Ritim nerede Ayza orada

Emine Ayza Türkçü ile 29 Nisan Dünya Dans Günü yaklaşırken buluşuyoruz. Ayza çocuk yaşta başladığı dans seyahatini kısa müddette profesyonel seviyeye taşımayı başaranlardan. Ulusal dansçı unvanı aldı, bir ayakkabı markasının elçisi olarak toplumsal medyada içerik üretiyor ve daha küçük yaştakilere dans eğitimi veriyor.

İlk yarışına şimdi 10 yaşındayken katılmış. Ailesi başta pek sıcak bakmasa da, yarışta birinci olunca işler değişmiş. Aldığı birinci kupayla yolu güzelce açılmış ve ailesi de en büyük destekçisi olmuş. Sonrası Edirne’de, Bursa’da, İzmir’de, İstanbul’da kamplar ve yarışlar… Yurtdışı müsabakalara da katılıyor. Evvel Makedonya’ya gidiyor, akabinde Avusturya, Polonya, Hollanda, Almanya, Macaristan, Bulgaristan, Yunanistan ve Sırbistan… Dans sayesinde şimdi 14 yaşında birçok ülke görmüş.

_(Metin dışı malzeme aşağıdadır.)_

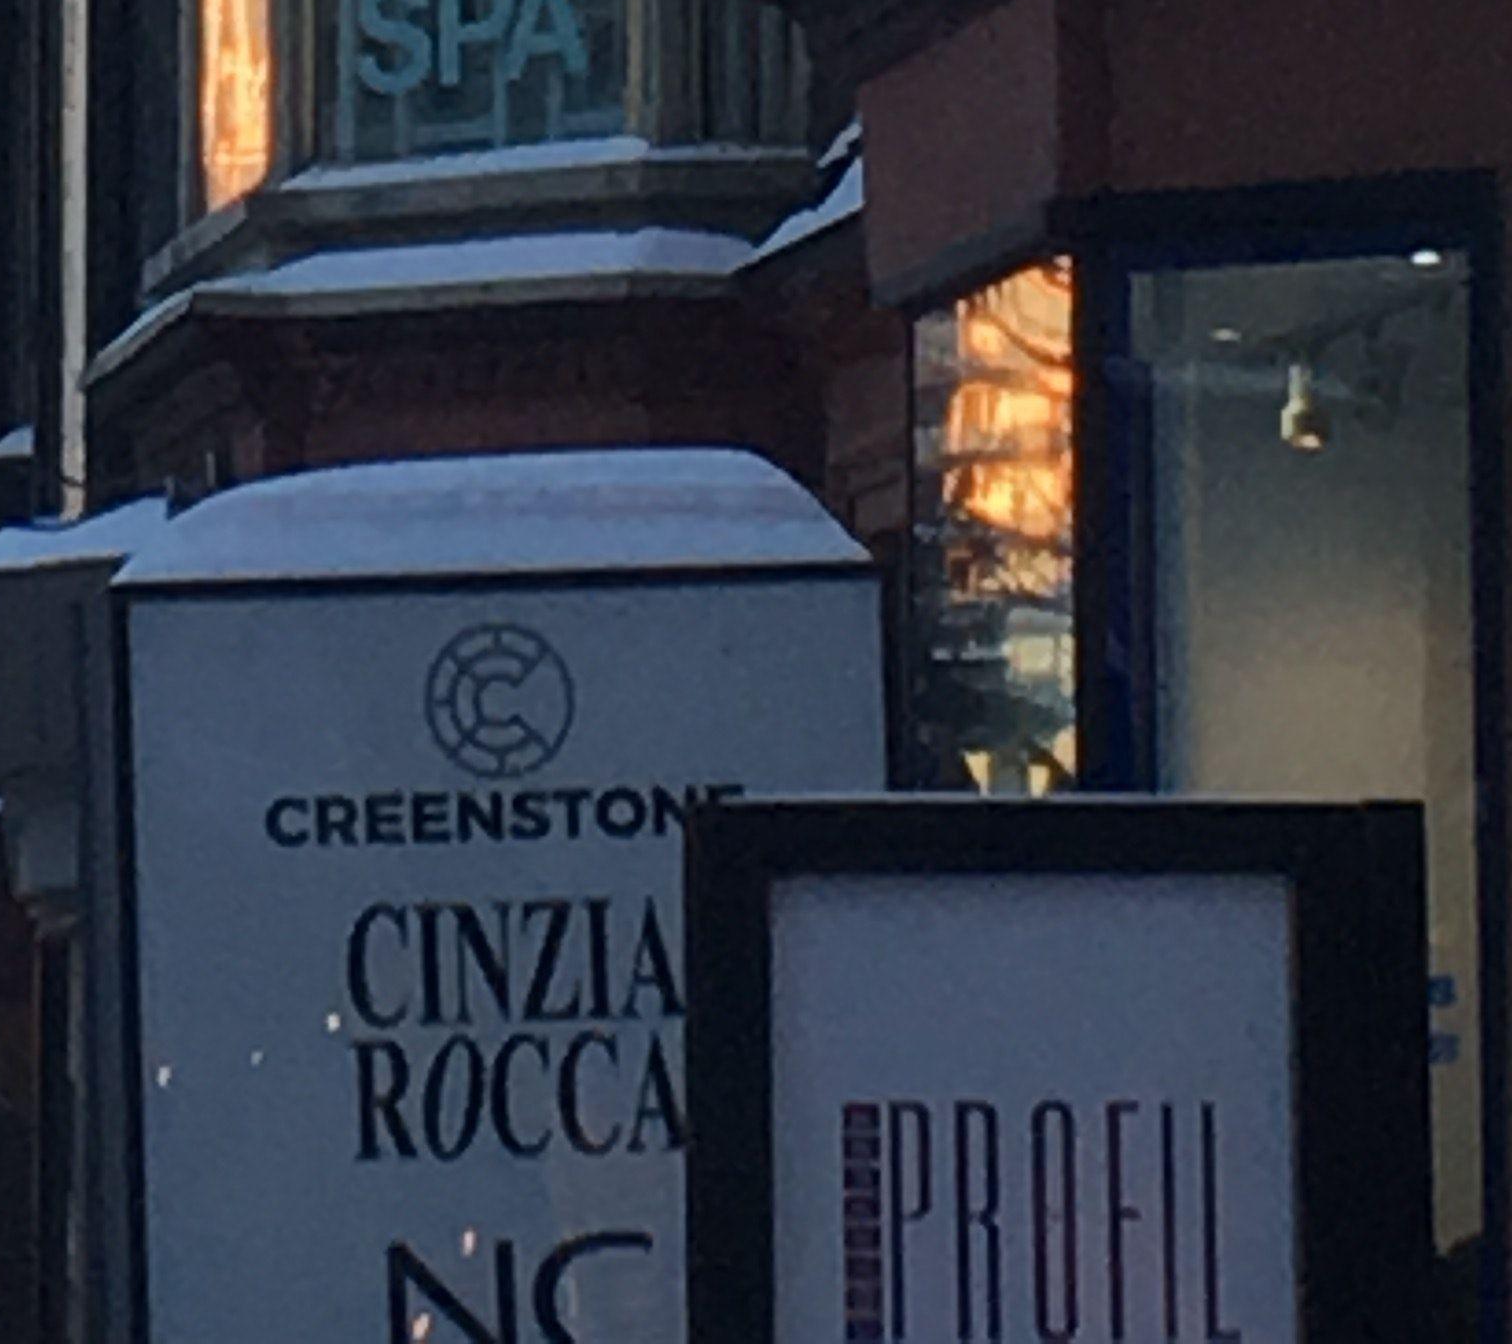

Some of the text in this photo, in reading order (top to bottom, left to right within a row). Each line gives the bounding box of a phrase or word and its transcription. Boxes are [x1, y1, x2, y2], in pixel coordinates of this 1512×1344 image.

Hip-hop dışında ilgilendiği çeşitleri ve müziğin akışına kendini nasıl kaptırdığını şöyle anlatıyor: “Hip-hop benim asıl cinsim lakin onun dışında da ilgilendiğim çok fazla alan var. House var, locking var, popping var. Bu alanlarda da kendimi geliştirmek istiyorum. Hangi tıp olursa olsun müzik ne hissettiriyorsa onu yaşıyorum. Güçlü bir müzik çalıyorsa ben de kendimi güçlü hissediyorum.”

Haftanın üç günü nizamlı olarak dans kursuna gidiyor. Öteki günlerse ya özel hocasıyla çalışıyor ya da meskende kendi başına idman yapıyor: “Her gün dans ediyorum. Dans benim için tek seferlik bir şey değil, ilaç üzere. Günlük müddetim değişiyor lakin dans etmediğim bir günüm olmuyor.”

 

İLK TÜRK OLMAK İSTİYOR

Yarışma takvimi de şimdiden dolmuş. Temmuzda Sicilya’da kampta, ağustosta Hollanda’da müsabakada, ekim ayındaysa Almanya’da Dünya Şampiyonası’nda olacak.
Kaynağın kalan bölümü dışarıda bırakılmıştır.